═══ Material to process ═══

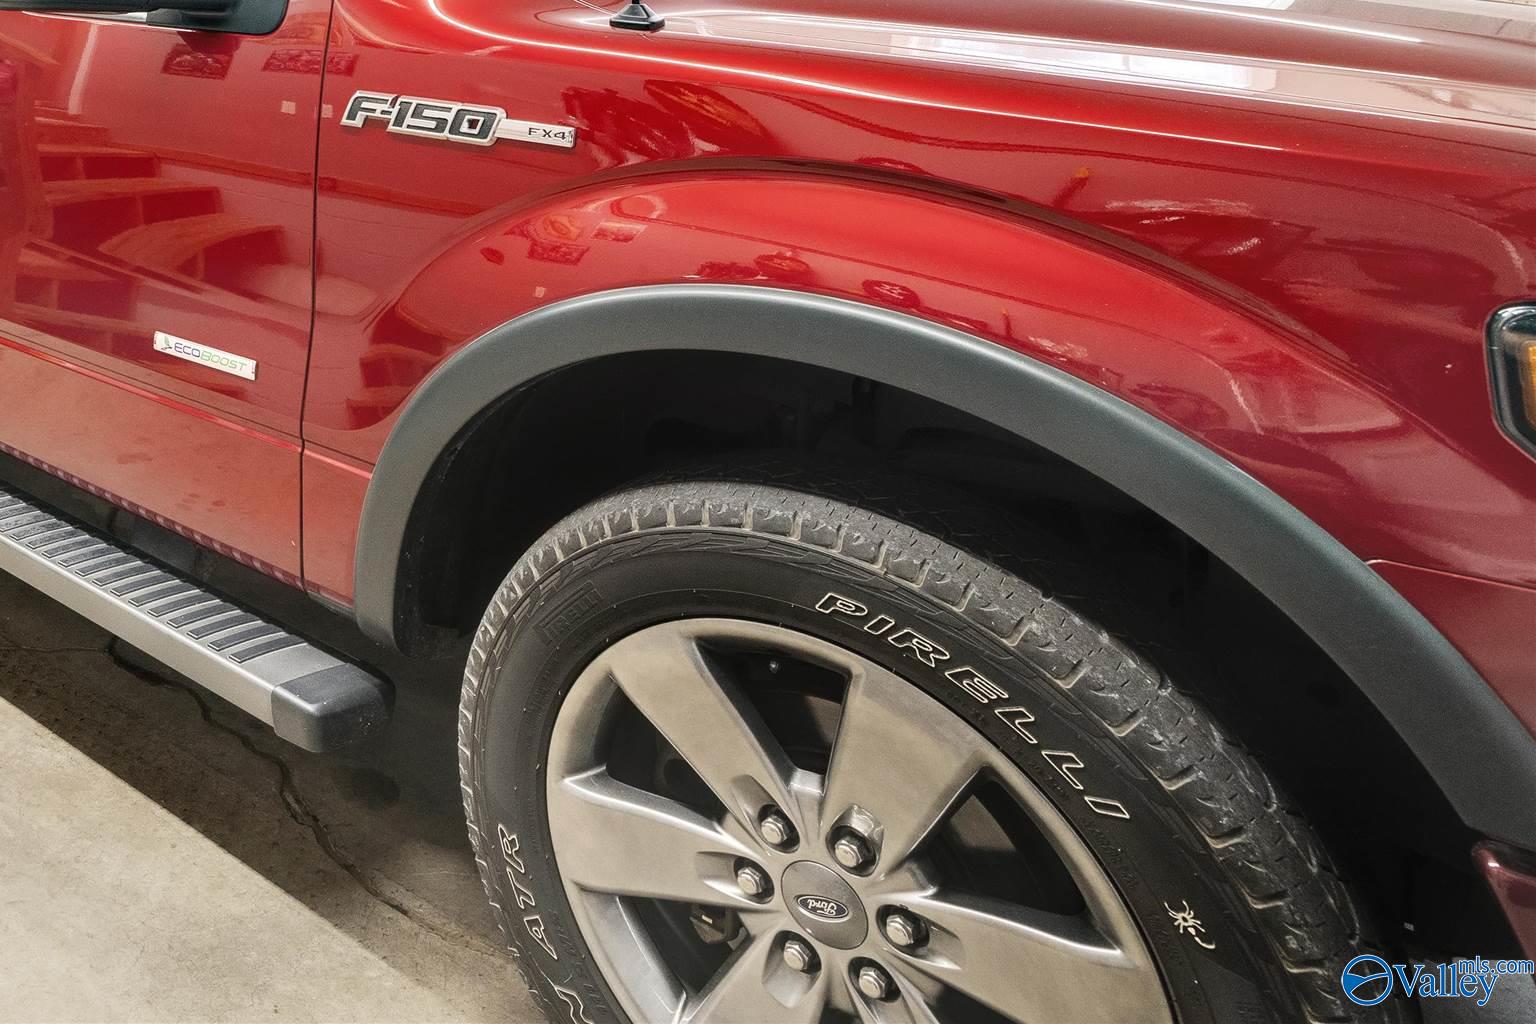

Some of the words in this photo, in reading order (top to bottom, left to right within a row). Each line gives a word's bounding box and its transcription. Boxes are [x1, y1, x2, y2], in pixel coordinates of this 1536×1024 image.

[343, 93, 503, 144] F-150
[528, 127, 567, 141] FX4
[815, 592, 1130, 819] PIRELLI
[497, 824, 558, 960] ATR
[806, 899, 837, 916] Ford

═══

▶ [Assignment] All of the records above are to be written out exactly, minus their images.

▶ [Task answer]
Some of the words in this photo, in reading order (top to bottom, left to right within a row). Each line gives a word's bounding box and its transcription. Boxes are [x1, y1, x2, y2], in pixel coordinates of this 1536×1024 image.

[343, 93, 503, 144] F-150
[528, 127, 567, 141] FX4
[815, 592, 1130, 819] PIRELLI
[497, 824, 558, 960] ATR
[806, 899, 837, 916] Ford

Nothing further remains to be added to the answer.